Task objective = Every entry in the data is to be written out exactly; no picture belongs in the copy.

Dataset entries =
★ ★ ★
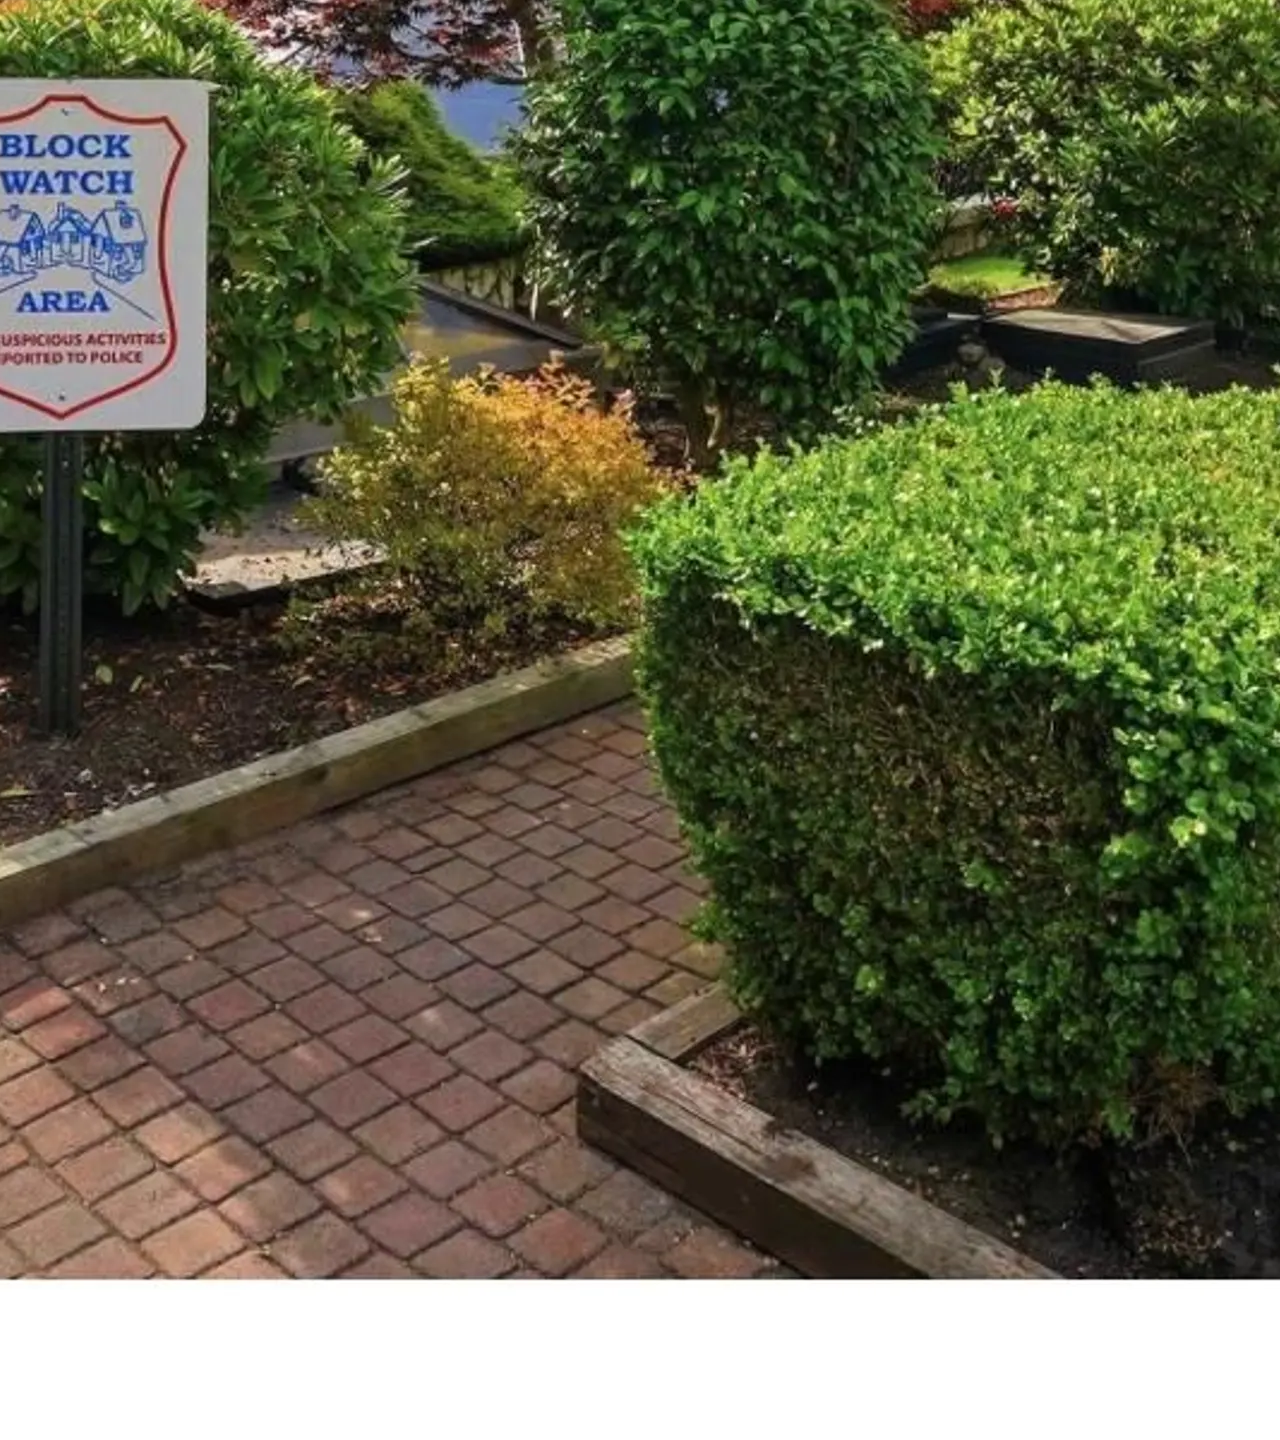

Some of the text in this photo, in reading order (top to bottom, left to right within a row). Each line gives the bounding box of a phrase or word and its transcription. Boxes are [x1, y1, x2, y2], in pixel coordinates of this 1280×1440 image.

[16, 290, 110, 313] AREA
[86, 333, 166, 345] ACTIVITIES
[67, 352, 87, 364] TO
[90, 351, 143, 364] POLICE
★ ★ ★
Solution to this problem =
Some of the text in this photo, in reading order (top to bottom, left to right within a row). Each line gives the bounding box of a phrase or word and its transcription. Boxes are [x1, y1, x2, y2], in pixel coordinates of this 1280×1440 image.

[16, 290, 110, 313] AREA
[86, 333, 166, 345] ACTIVITIES
[67, 352, 87, 364] TO
[90, 351, 143, 364] POLICE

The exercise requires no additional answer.